──────── EXCERPTED RECORDS ────────

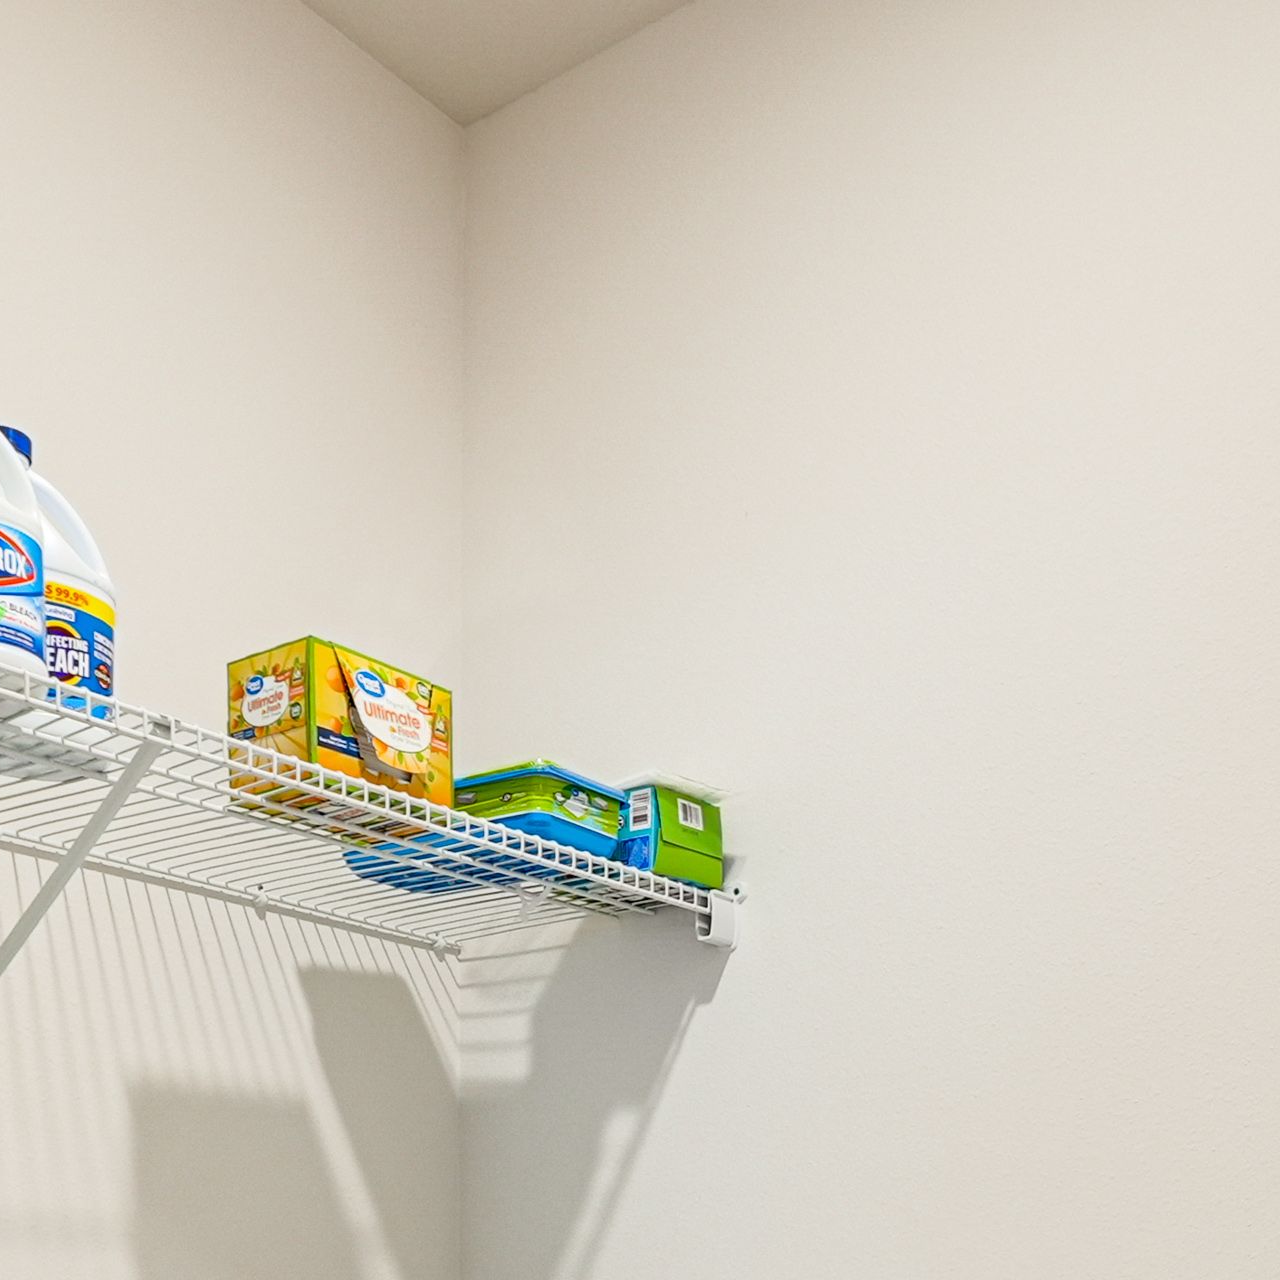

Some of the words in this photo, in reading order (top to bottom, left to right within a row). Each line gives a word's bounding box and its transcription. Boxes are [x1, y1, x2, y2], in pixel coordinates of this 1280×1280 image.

[56, 587, 89, 606] 99.9%
[46, 649, 90, 678] EACH
[247, 691, 284, 712] Ultimate
[363, 701, 422, 730] Ultimate

────────

**INSTRUCTIONS FOR THE TASK**. All entries are to be retyped exactly. Omit any embedded images.

**WRITTEN ANSWER**.
Some of the words in this photo, in reading order (top to bottom, left to right within a row). Each line gives a word's bounding box and its transcription. Boxes are [x1, y1, x2, y2], in pixel coordinates of this 1280×1280 image.

[56, 587, 89, 606] 99.9%
[46, 649, 90, 678] EACH
[247, 691, 284, 712] Ultimate
[363, 701, 422, 730] Ultimate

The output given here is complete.